Today’s Best Album of 2001 match is:
#60 Tenacious D, TENACIOUS D
vs.
#69 Air, 10 000 HZ LEGEND
To vote, follow this link to the Google Form. You will need a Google login to vote. If you can’t or won’t have one, let me know ASAP (either through this newsletter, my email [kentmbeeson@hey.com] or on the Best Album Brackets Bluesky account) and I’ll see what I can do.
We have one Designated Cheerleader today, it’s for TENACIOUS D, and it’s from Head Cheerleader @bsglaser.bsky.social. Take it away, Brian!
Through a convoluted set of circumstances, I ended up with a VIP ticket and backstage pass to Tenacious D's show at the Roseland Ballroom in January 2002, the NYC stop on the tour to support the TENACIOUS D LP. My date was super-excited to meet Jack Black, but as we talked about what she was expecting from the experience, I realized...she expected to meet JB from Tenacious D. I pointed out that while the guys in Tenacious D used their real names, they were playing characters. We were going to meet Jack Black, not JB. I saw the disappointment on her face.
I mention this not to make fun of her, but to draw a distinction between TENACIOUS D as a Comedy Album, which it isn't, and as a Sketch Comedy Album, which it is.

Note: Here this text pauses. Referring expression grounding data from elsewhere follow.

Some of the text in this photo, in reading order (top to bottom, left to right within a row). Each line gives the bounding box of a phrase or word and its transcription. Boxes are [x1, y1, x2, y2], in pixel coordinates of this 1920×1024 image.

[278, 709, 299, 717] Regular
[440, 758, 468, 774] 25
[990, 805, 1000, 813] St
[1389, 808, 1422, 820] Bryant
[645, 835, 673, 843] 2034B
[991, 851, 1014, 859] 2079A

Jack Black and Kyle Gass were part of a rich LA-centered sketch scene, and you can spot them in episodes of David Cross and Bob Odenkirk's MR. SHOW. The duo developed characters and wrote songs to be performed in and as sketches, first at live shows and later on HBO. JB and KG aren't Plant and Page or Mick and Keith--they're Abbott and Costello or Laurel and Hardy or R2D2 and C-3PO.

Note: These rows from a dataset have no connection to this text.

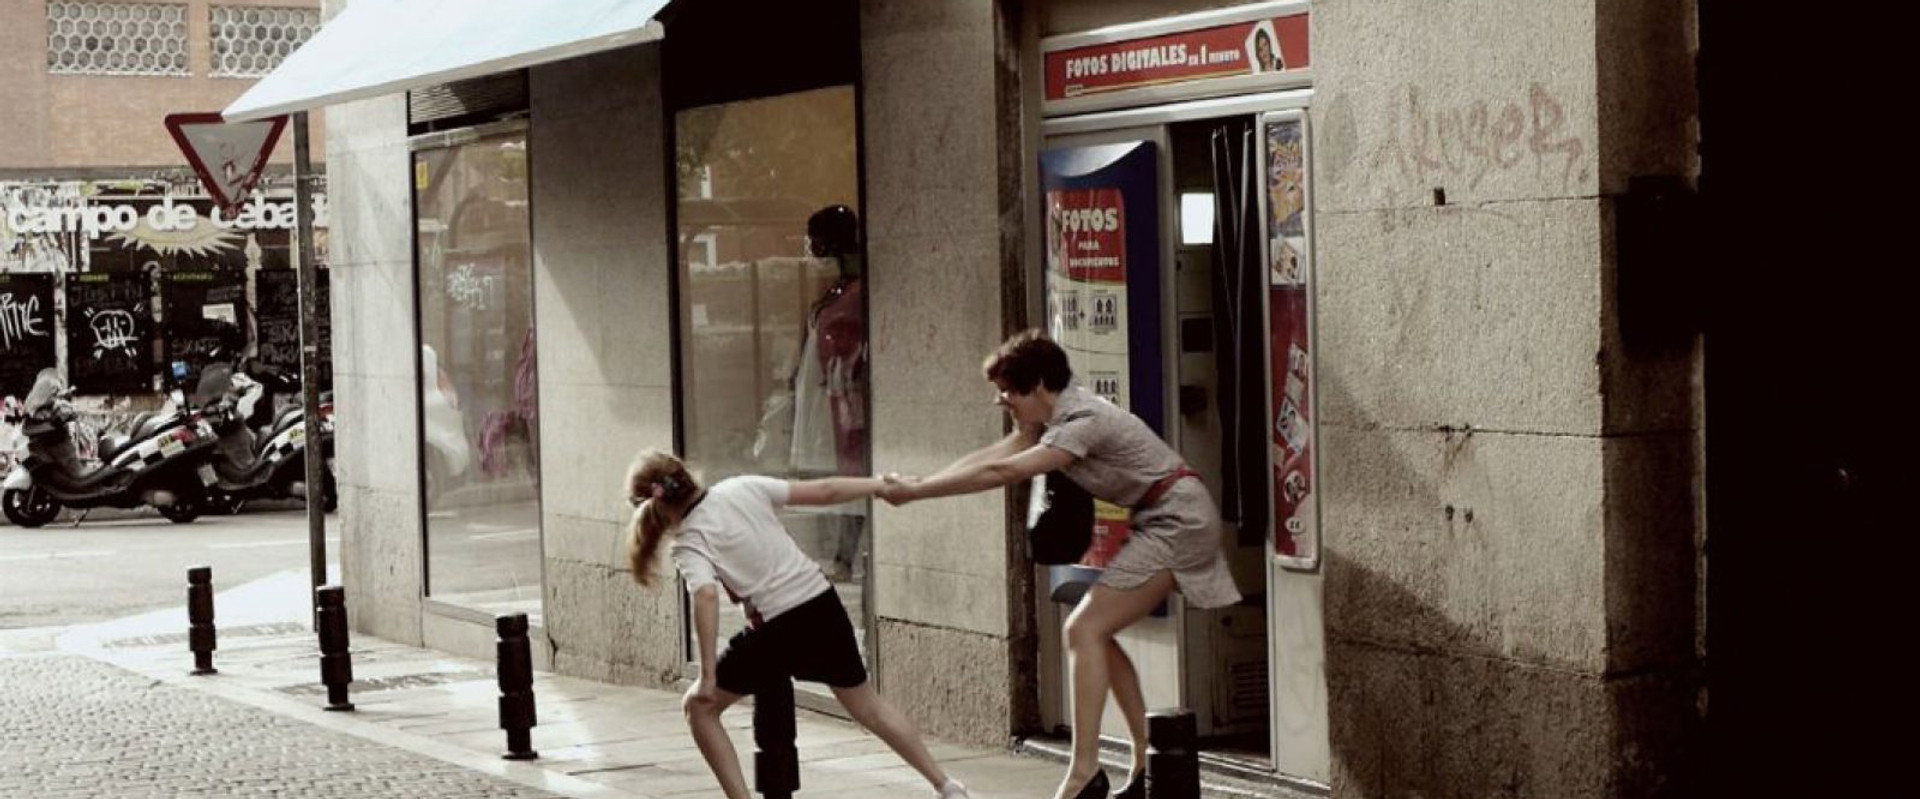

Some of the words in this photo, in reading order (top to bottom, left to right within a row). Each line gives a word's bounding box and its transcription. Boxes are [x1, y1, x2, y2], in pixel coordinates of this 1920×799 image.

[1066, 55, 1108, 79] FOTOS
[1111, 44, 1187, 73] DIGITALES
[8, 203, 138, 239] campo
[147, 193, 198, 231] de
[1062, 208, 1119, 232] FOTOS

When you listen to TENACIOUS D as comedy-duo sketches, it hits a little differently. A lot of the songs, like "Tribute," "Fuck Her Gently" and "Friendship," have the framework and delivery of sketches, paired with solid melodies and performances. They're not mind-blowing rock music, but they work as quick world-building and commitment to the bit.

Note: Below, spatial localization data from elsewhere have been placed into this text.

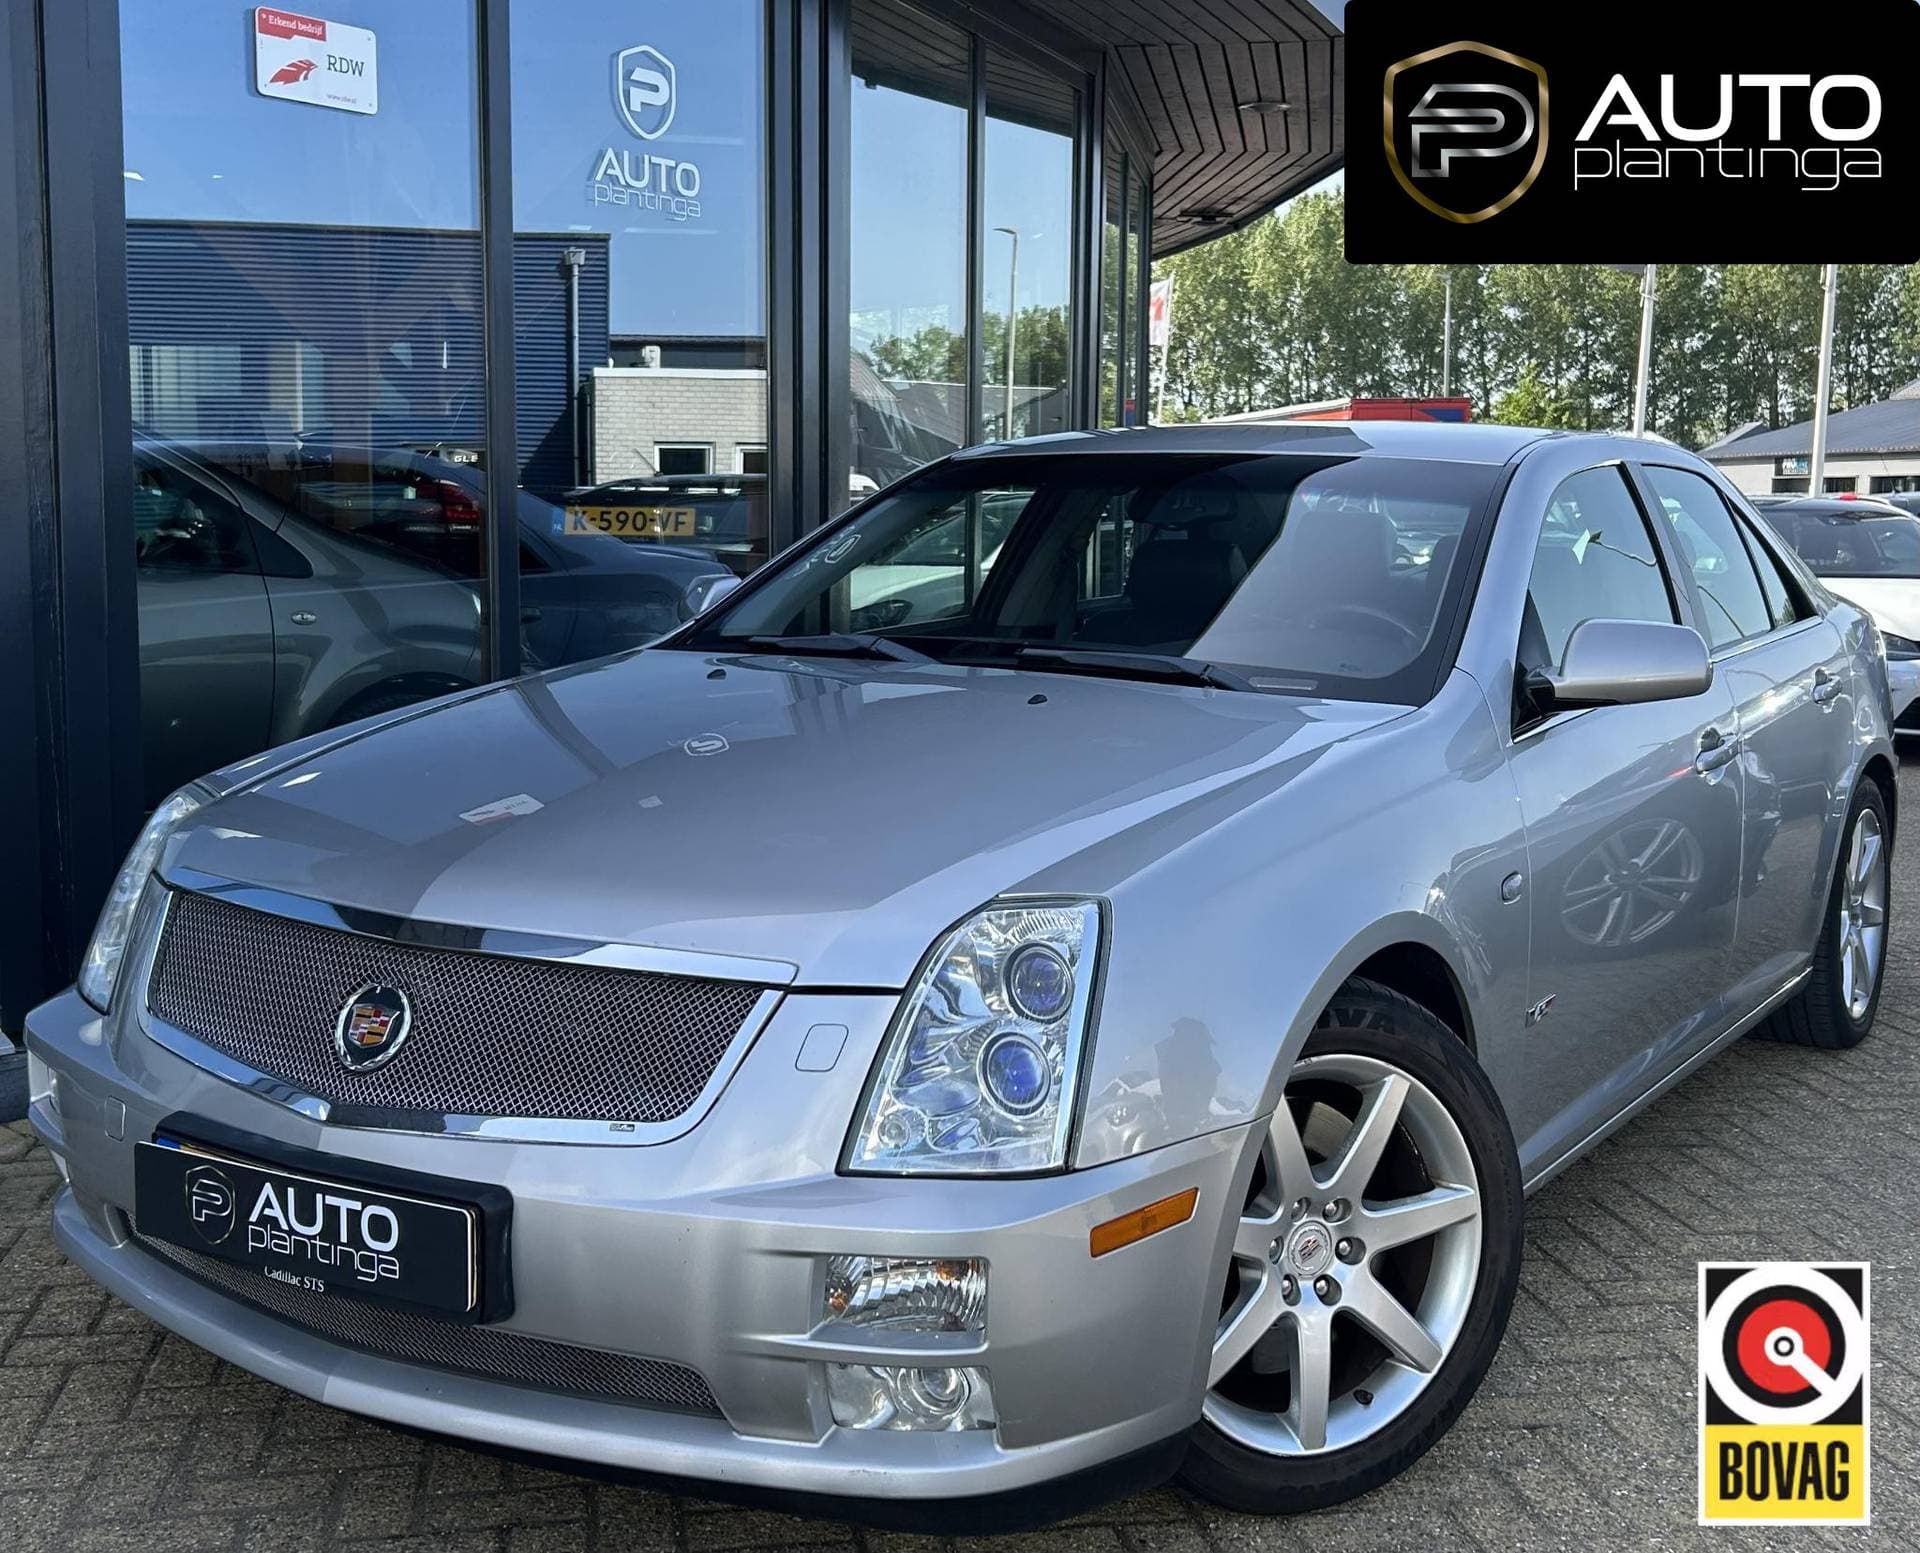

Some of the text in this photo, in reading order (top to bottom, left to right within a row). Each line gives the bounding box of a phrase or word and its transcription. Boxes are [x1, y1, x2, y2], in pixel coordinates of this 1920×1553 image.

[268, 14, 323, 36] Erkend bedrijf
[327, 54, 365, 77] RDW
[595, 147, 700, 198] AUTO
[594, 182, 701, 222] plantinga
[572, 509, 688, 533] K-590-VF
[249, 1182, 400, 1252] AUTO
[248, 1223, 400, 1282] plantinga
[264, 1265, 325, 1293] Cadillac STS

There are also tracks like "Cock Pushups" and "Drive-Thru" that are like skit tracks from hip-hop records. Whatever you think of hip-hop skits (I'm not a fan), The D know the form and execute on it. And they understand the grounding that a lot of hip-hop acts have in old-timey performance: e.g., Chuck D and Flavor Flav are complementary characters that Carlton Ridenhour and William Drayton created and play in the context of PE. Skit tracks on hip-hop records come out of this tradition, and TENACIOUS D plays it in a faux-cock-rock context.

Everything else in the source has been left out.